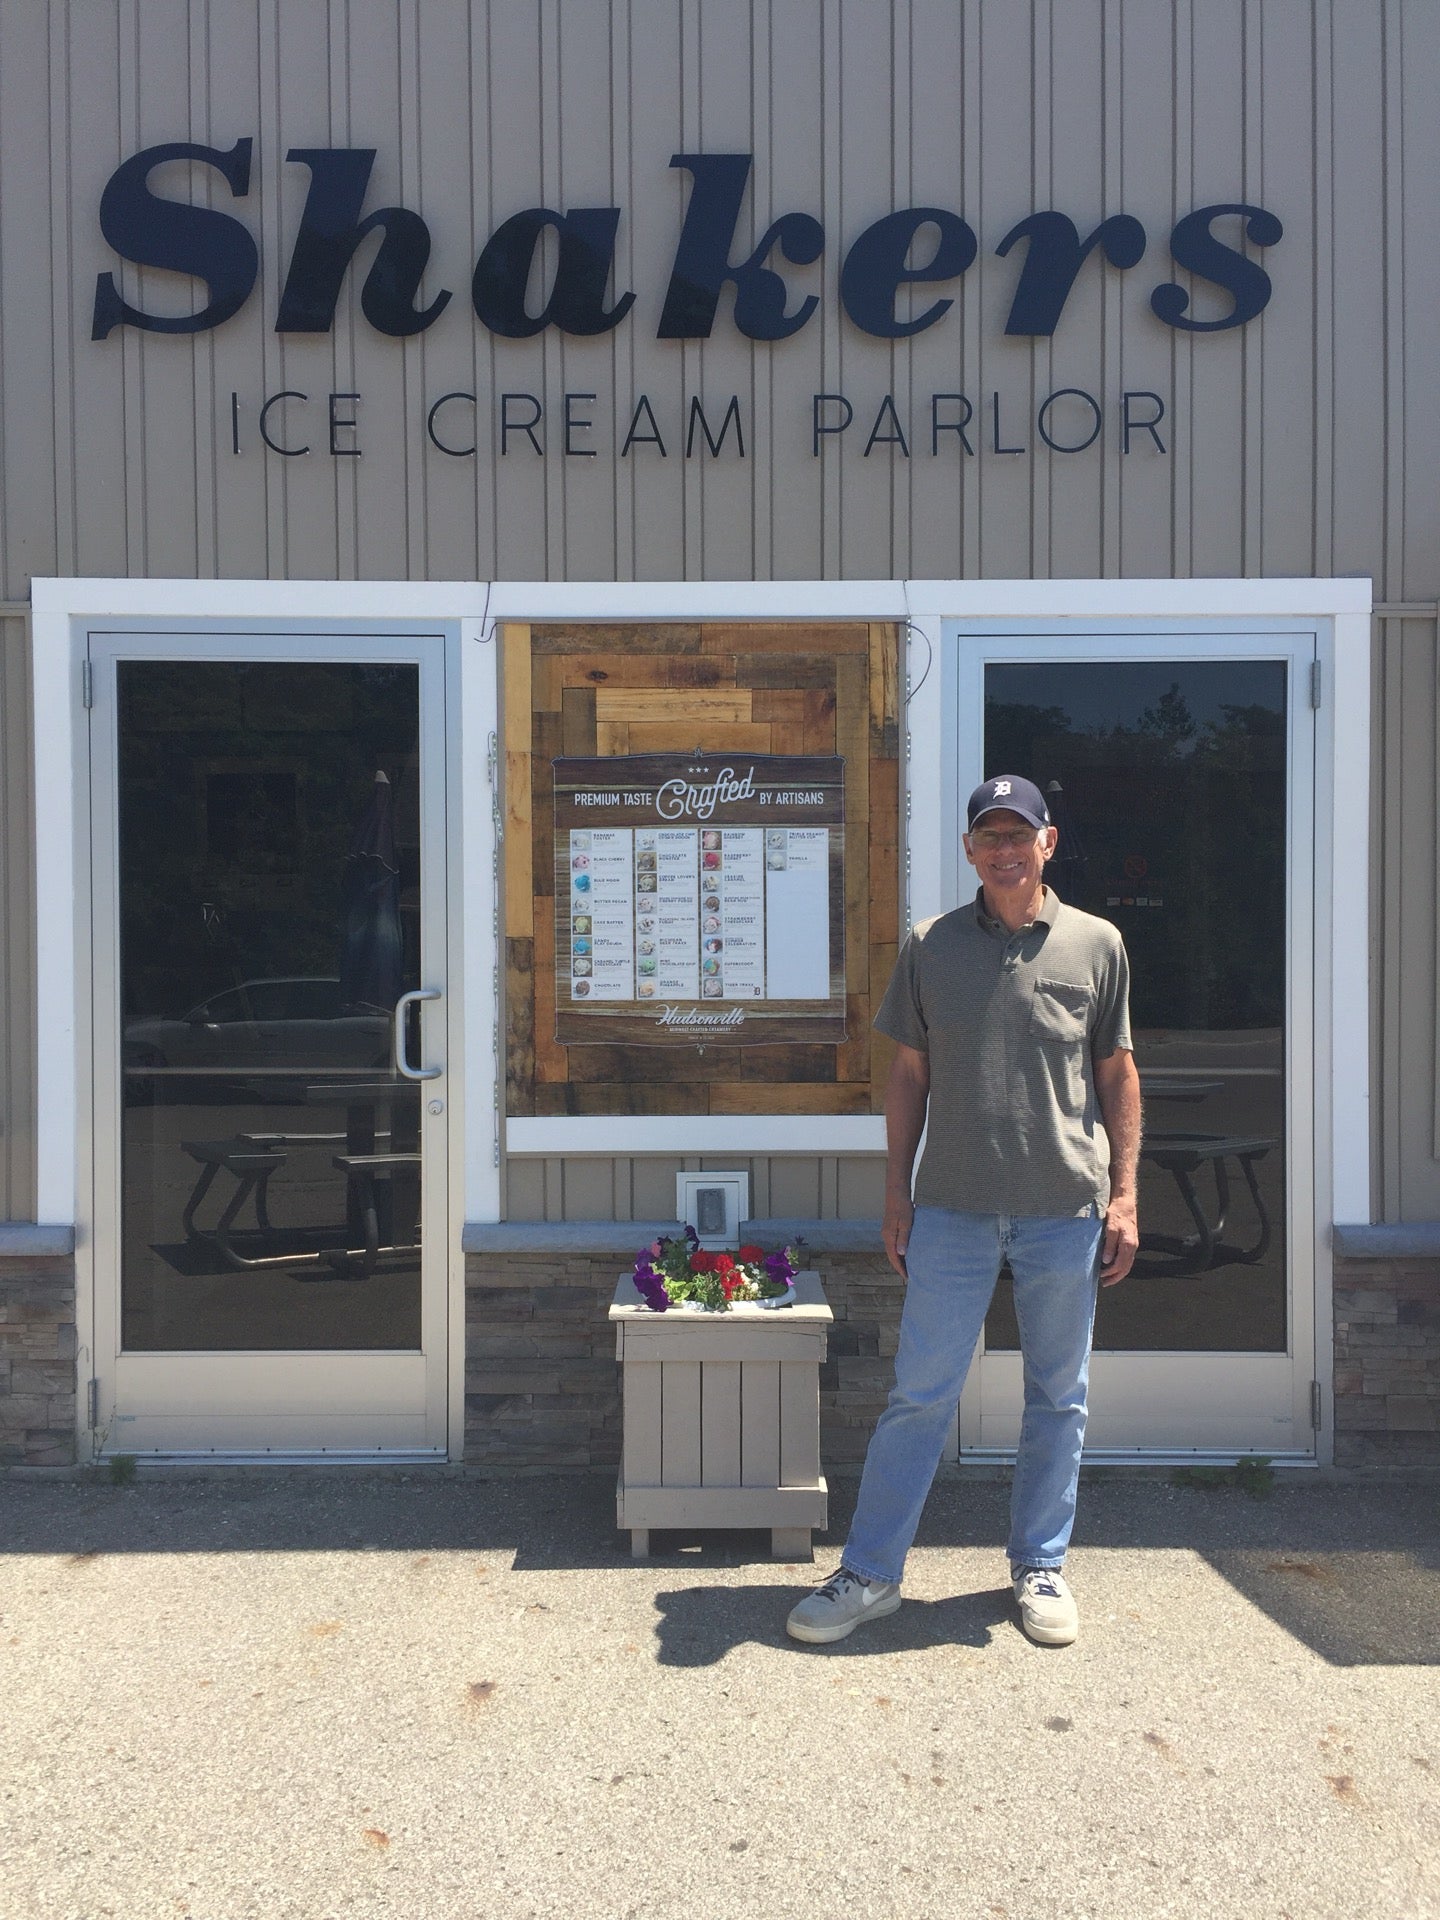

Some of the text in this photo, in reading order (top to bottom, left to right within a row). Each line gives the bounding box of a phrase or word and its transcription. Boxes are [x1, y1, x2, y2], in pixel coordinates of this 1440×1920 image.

[91, 137, 1283, 341] Shakers
[231, 388, 1167, 459] ICE CREAM PARLOR
[574, 766, 824, 820] PREMIUM TASTE Crafted BY ARTISANS
[655, 1003, 745, 1026] Hudsonville

- [TASK DETAILS]:
Pictures aside, reproduce all of the data exactly.

- [RESULT OF THIS EXERCISE]:
Some of the text in this photo, in reading order (top to bottom, left to right within a row). Each line gives the bounding box of a phrase or word and its transcription. Boxes are [x1, y1, x2, y2], in pixel coordinates of this 1440×1920 image.

[91, 137, 1283, 341] Shakers
[231, 388, 1167, 459] ICE CREAM PARLOR
[574, 766, 824, 820] PREMIUM TASTE Crafted BY ARTISANS
[655, 1003, 745, 1026] Hudsonville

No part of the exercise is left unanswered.